◆ Your objective ◆
Once you find the line containing "Some of the words", output it and every line after it to the end of the records, exactly.

══ Data shown ══

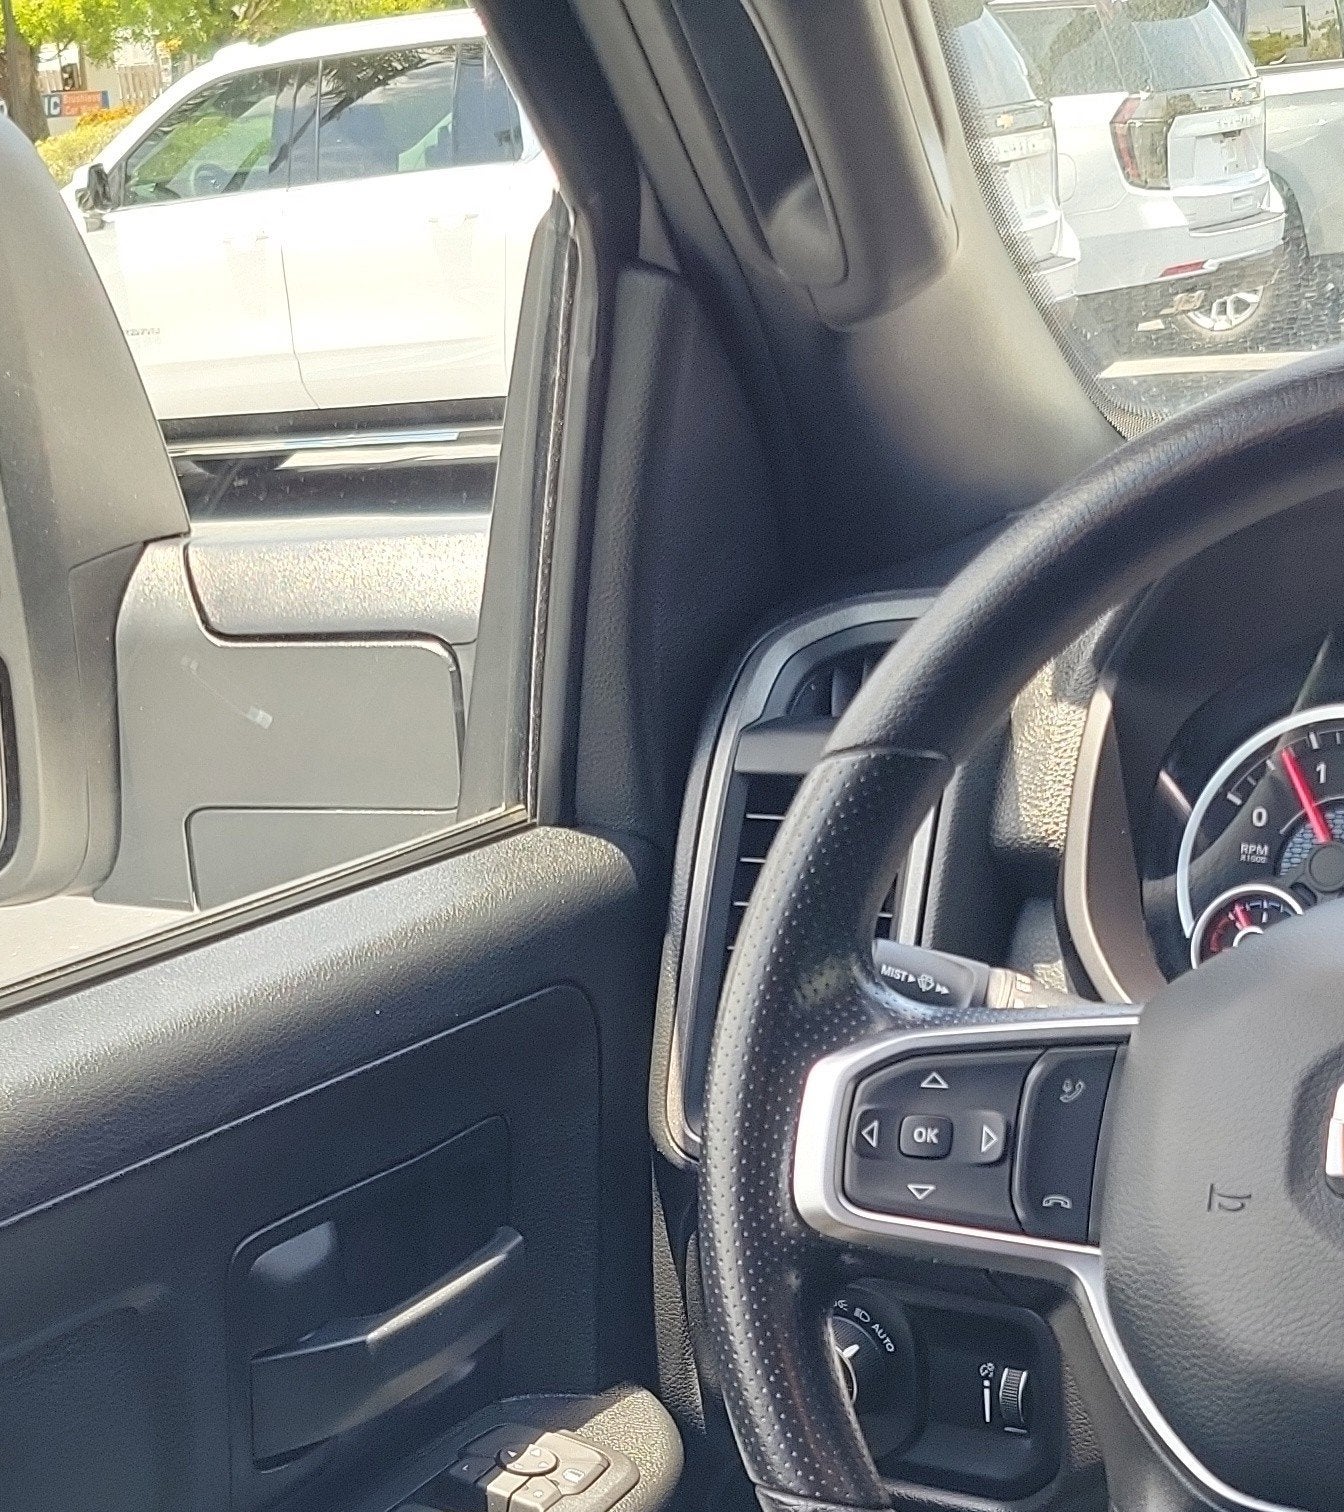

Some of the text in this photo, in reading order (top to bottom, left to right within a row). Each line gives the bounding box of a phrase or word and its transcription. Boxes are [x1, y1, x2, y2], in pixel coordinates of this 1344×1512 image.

[1316, 761, 1327, 784] 1
[1251, 806, 1268, 827] 0
[1240, 842, 1269, 856] RPM
[880, 964, 907, 982] MIST
[913, 1128, 938, 1144] OK
[871, 1323, 895, 1353] AUTO
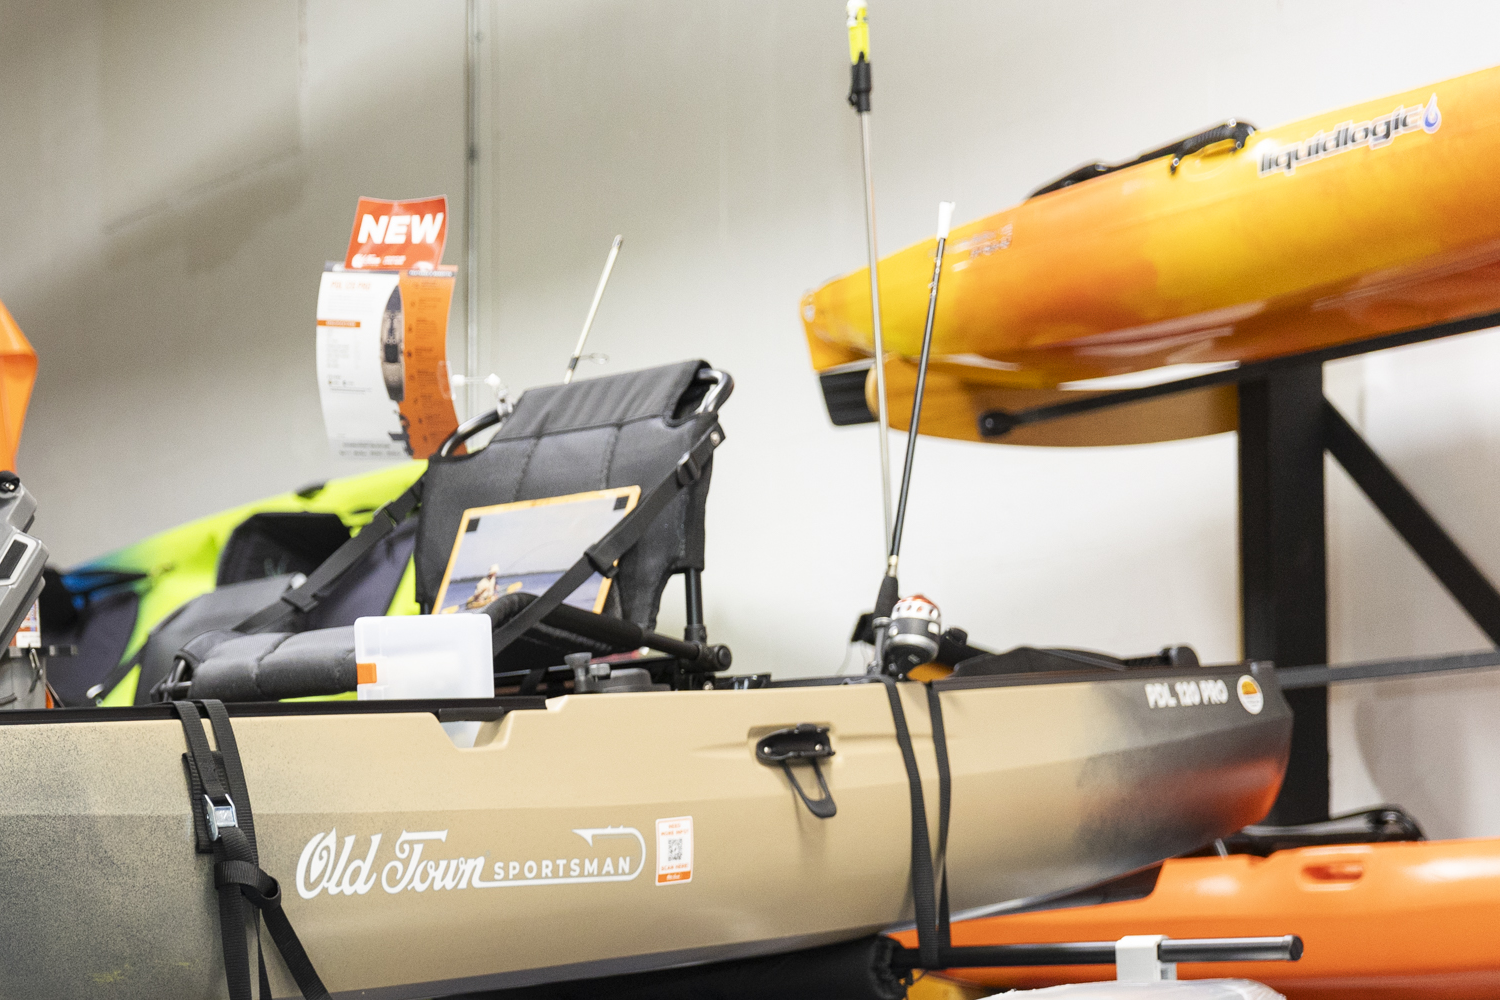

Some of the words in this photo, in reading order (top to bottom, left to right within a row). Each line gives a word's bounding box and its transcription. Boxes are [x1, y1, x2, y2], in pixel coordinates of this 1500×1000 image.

[1260, 106, 1424, 173] liquidlogic
[357, 212, 444, 244] NEW
[1144, 682, 1177, 709] PDL
[1174, 680, 1200, 707] 120
[1199, 679, 1229, 705] PRO
[295, 826, 383, 900] Old
[381, 828, 486, 895] Town
[493, 855, 632, 882] SPORTSMAN

═══

◆ Completed task ◆
Some of the words in this photo, in reading order (top to bottom, left to right within a row). Each line gives a word's bounding box and its transcription. Boxes are [x1, y1, x2, y2], in pixel coordinates of this 1500×1000 image.

[1260, 106, 1424, 173] liquidlogic
[357, 212, 444, 244] NEW
[1144, 682, 1177, 709] PDL
[1174, 680, 1200, 707] 120
[1199, 679, 1229, 705] PRO
[295, 826, 383, 900] Old
[381, 828, 486, 895] Town
[493, 855, 632, 882] SPORTSMAN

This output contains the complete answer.